William Kimbel, owner of neighboring Wachesaw plantation, purchased Richmond Hill in 1930 to develop as a personal hunting estate. He let Richmond Hill be reclaimed by nature, until its past was rediscovered by James Michie in the 1980s. Now the Wachesaw-Richmond Hill tract is a retirement community, like many other plantations along the Waccamaw Neck, but its archaeological record has been restored.
In 1850, 1,092 slaves produced 4,000,000 pounds of rice on Joshua John Ward's six plantations, including Alderley. At that time, people of African descent greatly outnumbered whites on the Waccamaw Neck, and it can be assumed that there are many burial grounds on Hobcaw Barony that serve as their resting places.
One of the known burial sites is Alderley Cemetery, located in a heavily wooded area in the northeast section of Hobcaw. Thirty-nine gravesites have been identified at the cemetery and it is likely many more remain. Reverend Abraham Wright is buried here. He was a pastor at Friendfield Church, and his wife taught at Strawberry School.
As in Marietta Cemetery, some of the graves at Alderley Cemetery are decorated with bleached shells, glass and other objects, reflecting Afro-Christian burial practices and the beliefs of the individuals who once lived and worked on the plantation. These cemeteries provide a valuable resource for the study of the culture and history of enslaved Africans and their descendants.
From south to north, eleven named rice plantations make up today’s Hobcaw Barony. They are Calais, Michau, Cogdell, Strawberry Hill, Friendfield, Marietta, Bellefield, Youngville, Oryzantia, Crab Hall and Alderley. The slave dwelling pictured here is the last remaining building on the grounds of the former Alderley Plantation. This photograph was taken in 1994, before the building was restored to its present condition.

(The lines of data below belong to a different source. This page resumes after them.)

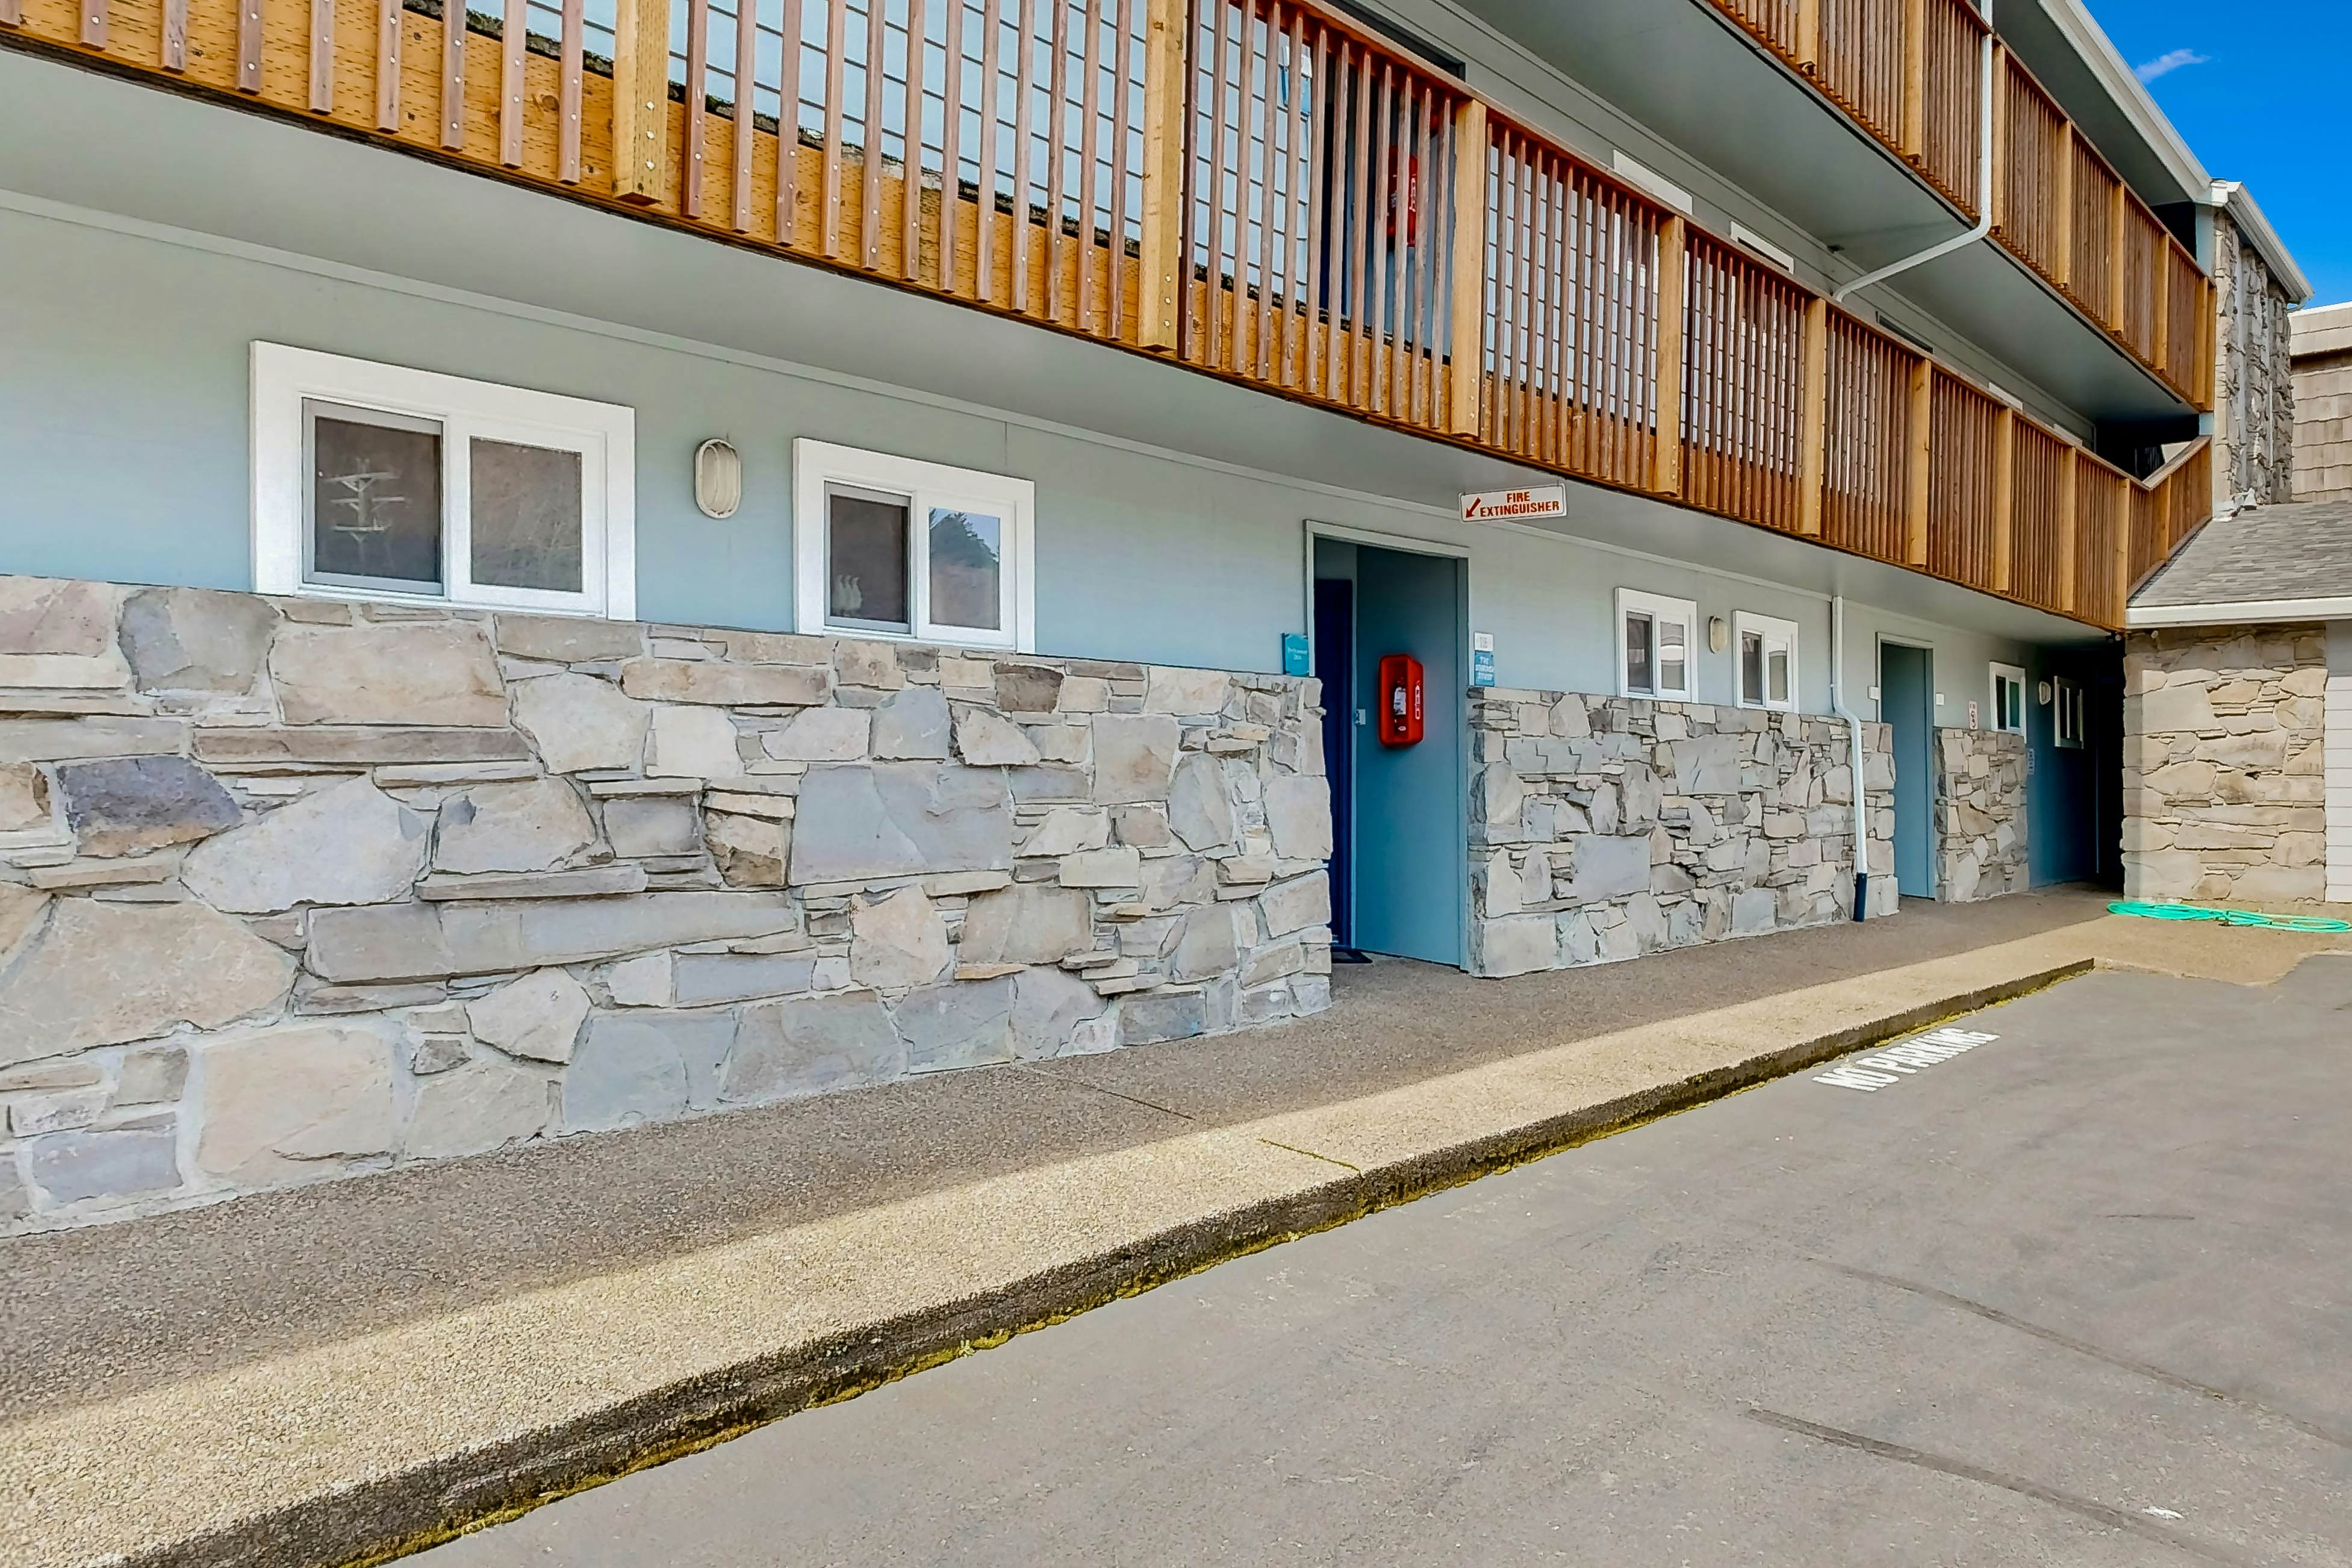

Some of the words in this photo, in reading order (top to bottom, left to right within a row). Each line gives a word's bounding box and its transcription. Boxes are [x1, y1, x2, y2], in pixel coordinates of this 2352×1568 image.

[1507, 491, 1530, 503] FIRE
[1479, 500, 1560, 517] EXTINGUISHER
[1811, 1066, 1900, 1092] NO
[1856, 1027, 2001, 1074] PARKING
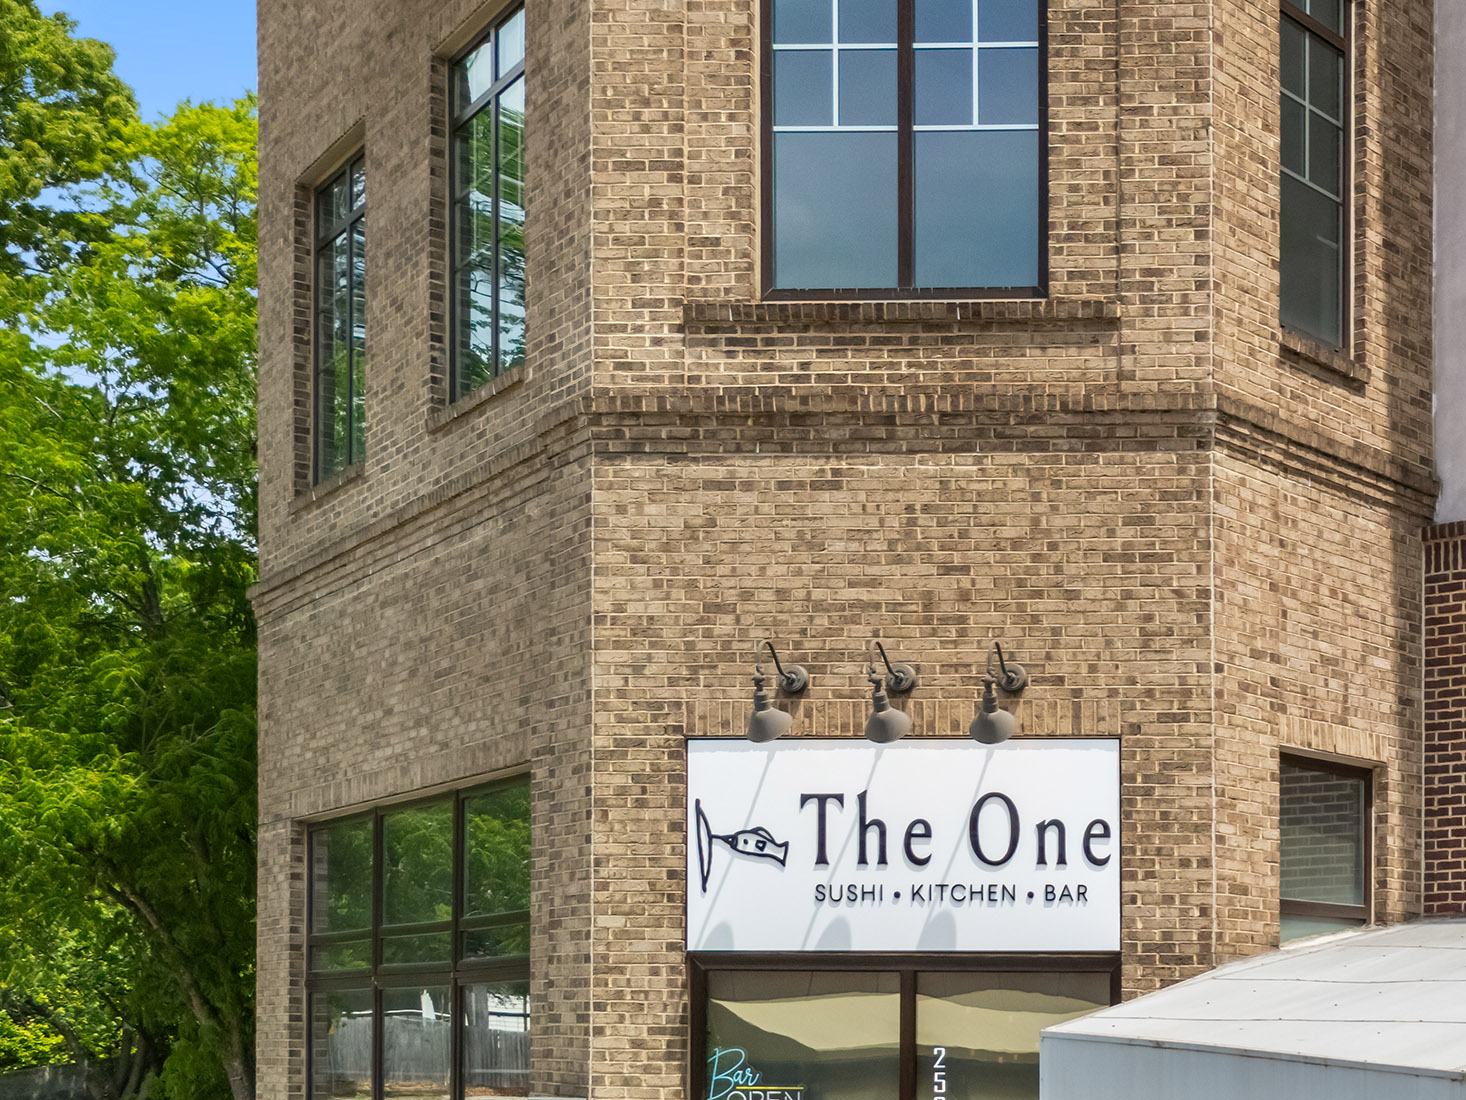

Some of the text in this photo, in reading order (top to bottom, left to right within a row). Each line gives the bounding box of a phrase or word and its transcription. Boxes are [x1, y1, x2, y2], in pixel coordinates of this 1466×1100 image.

[800, 790, 1112, 867] The One
[814, 883, 1089, 903] SUSHI KITCHEN BAR
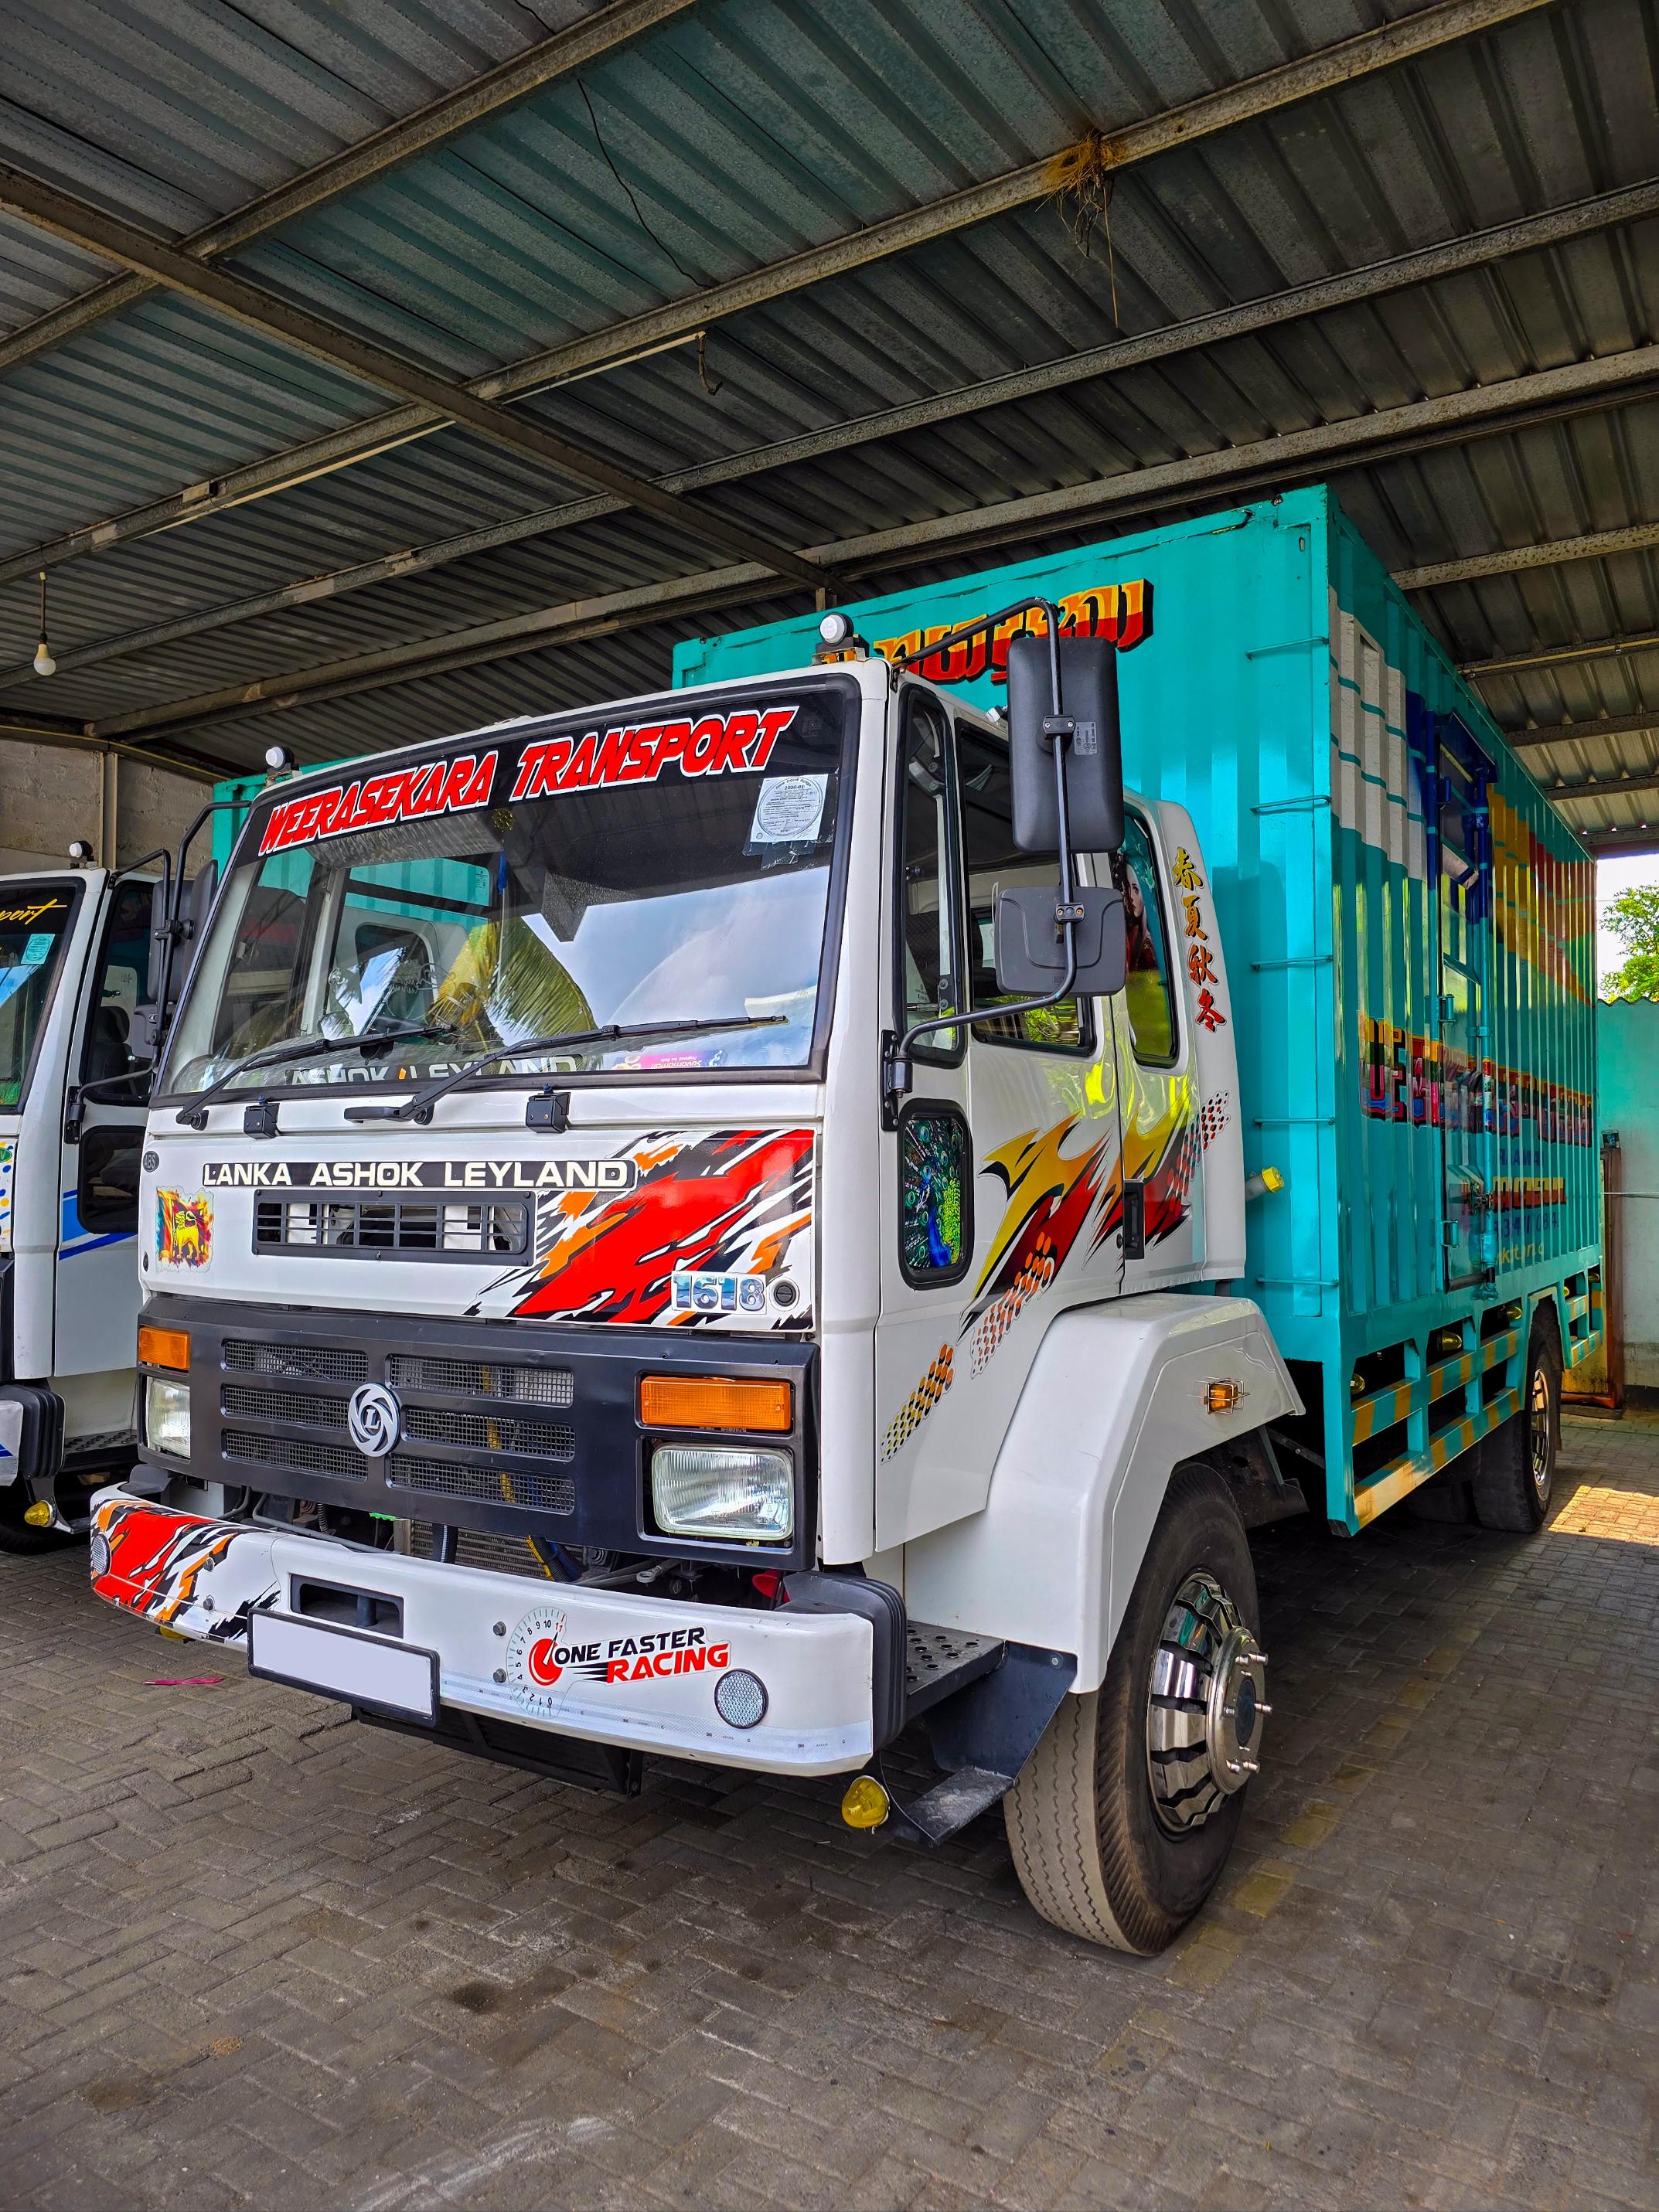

Alderley Plantation was originally developed in 1766 by Scotsman Robert Heriot. He died in 1792, and the plantation was sold to Benjamin Huger, Jr., who later gave it to his brother, Francis Kinloch Huger. Huger married Harriott Lucas Pinckney, the granddaughter of Eliza Lucas Pinckney, the woman who introduced indigo to South Carolina.
A native of Antigua, Eliza Lucas Pickney, developed a strain of indigo suited to South Carolina's soil and climate. Her work, which depended in part upon the experience and expertise of enslaved people from Africa and the West Indies, had a major impact on the agriculture and economy of the state during the colonial era.
In 1848 Huger sold Alderley to Joshua John Ward. It remained the property of the Ward family until it was acquired by Bernard Baruch as part of Hobcaw Barony in 1907.
There are numerous steps in preparing rice for human consumption, the last of which is milling, in which the inedible husk of the rice is removed. Before the development of automated rice mills in the late eighteenth century, rice processing depended upon the labor of enslaved Africans, who milled the rice by hand using a mortar and pestle. Using this method, only a small amount of rice could be processed at a time. Trying to mill too much rice at once resulted in broken grains that were worth less money.
The mortar and pestle technique originated in West Africa. In this clip from SCETV's Family Across the Sea (1999), residents of a village in Sierra Leone mill rice using the mortar and pestle method. The sides of the pestle (the pole) move the rice around the mortar (the bowl), gently cracking and loosening the tough outer hull of the rice and separating it from the softer, edible center.